*Problem description*
Please write out every entry below exactly, leaving out any pictures.

Records from a dataset:
--- --- ---
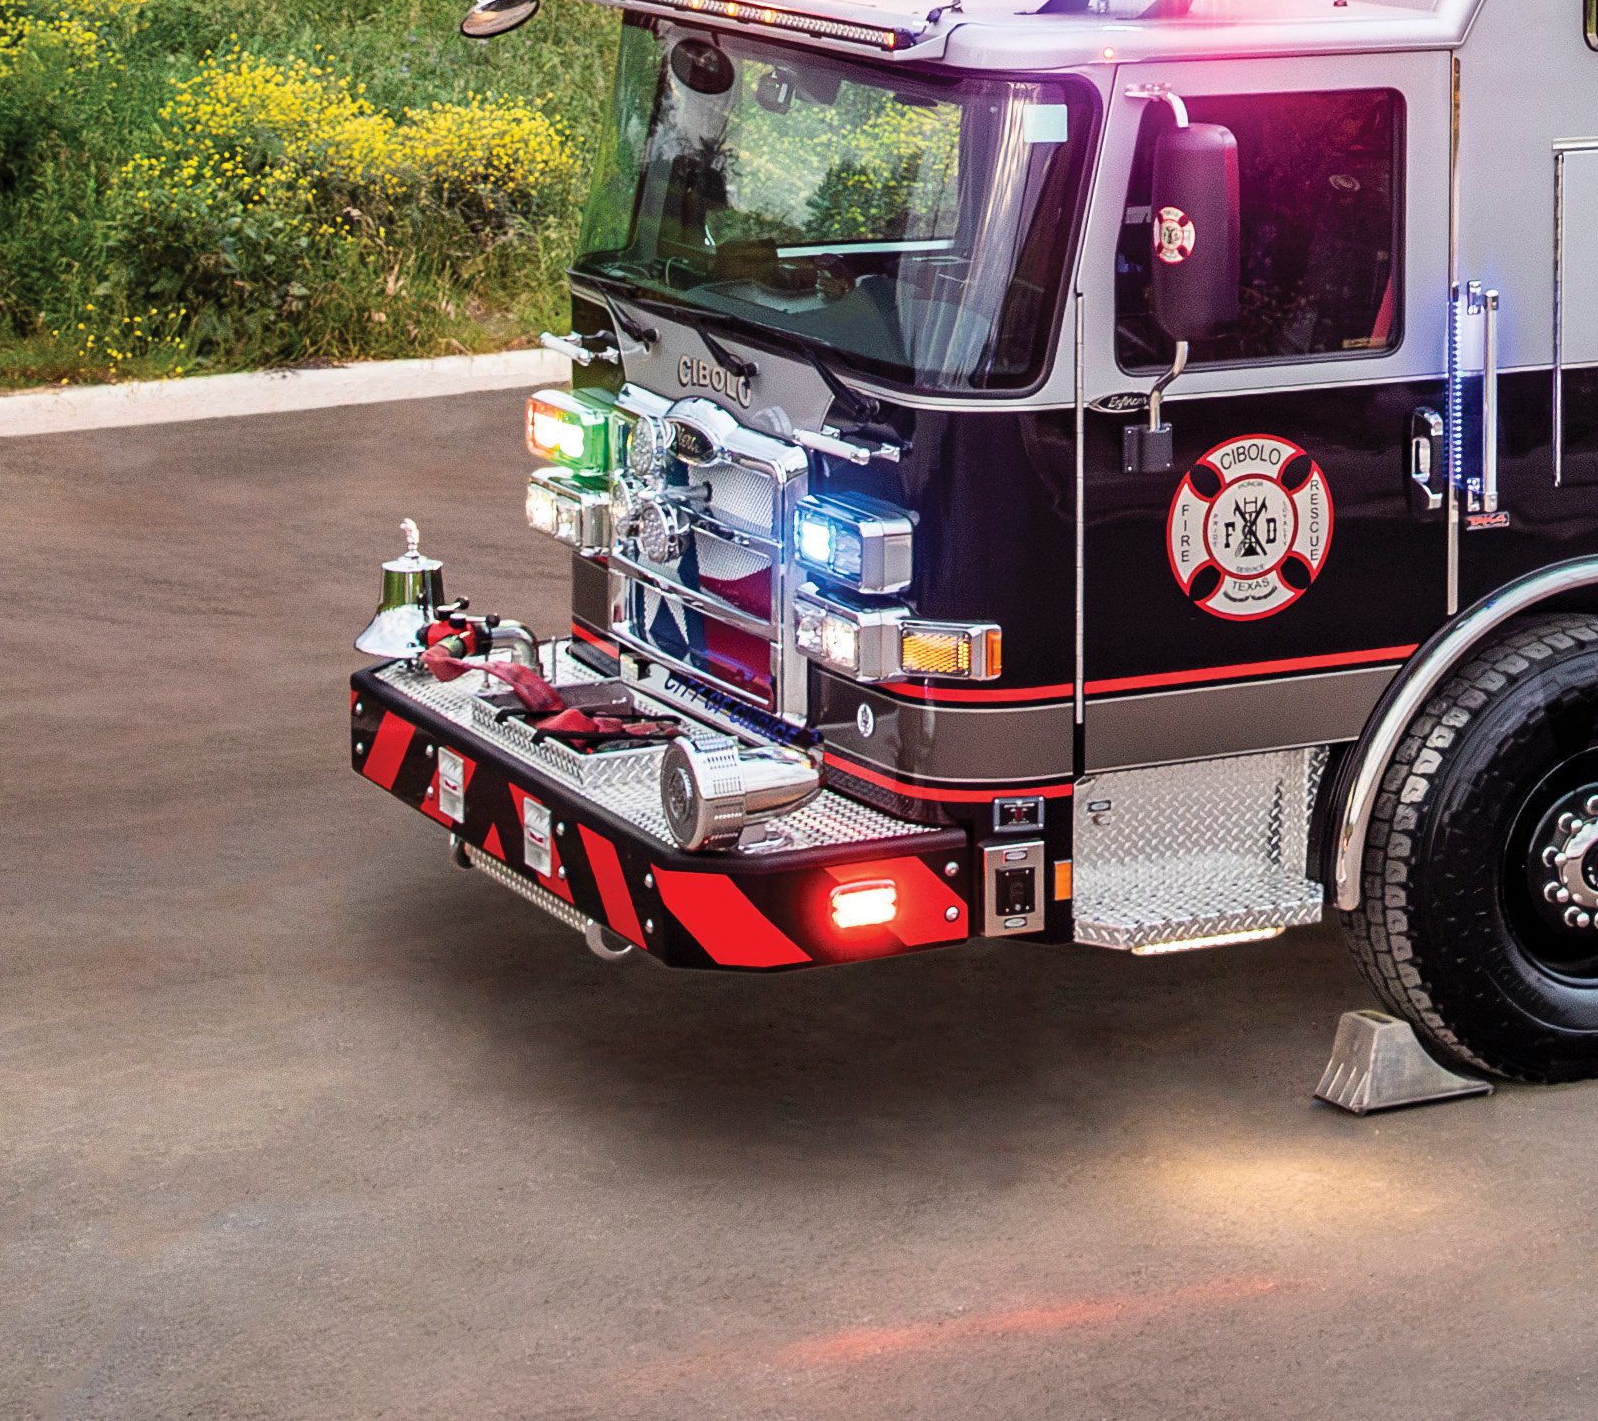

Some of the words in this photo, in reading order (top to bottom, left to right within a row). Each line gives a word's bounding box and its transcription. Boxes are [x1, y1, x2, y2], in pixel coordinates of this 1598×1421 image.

[678, 354, 751, 408] CIBOLO
[1219, 443, 1281, 470] CIBOLO
[1180, 504, 1190, 563] FIRE
[1224, 522, 1235, 548] F
[1265, 517, 1277, 544] D
[1309, 479, 1320, 561] RESCUE
[1232, 577, 1270, 591] TEXAS
--- --- ---
*Reply to the exercise*
Some of the words in this photo, in reading order (top to bottom, left to right within a row). Each line gives a word's bounding box and its transcription. Boxes are [x1, y1, x2, y2], in pixel coordinates of this 1598×1421 image.

[678, 354, 751, 408] CIBOLO
[1219, 443, 1281, 470] CIBOLO
[1180, 504, 1190, 563] FIRE
[1224, 522, 1235, 548] F
[1265, 517, 1277, 544] D
[1309, 479, 1320, 561] RESCUE
[1232, 577, 1270, 591] TEXAS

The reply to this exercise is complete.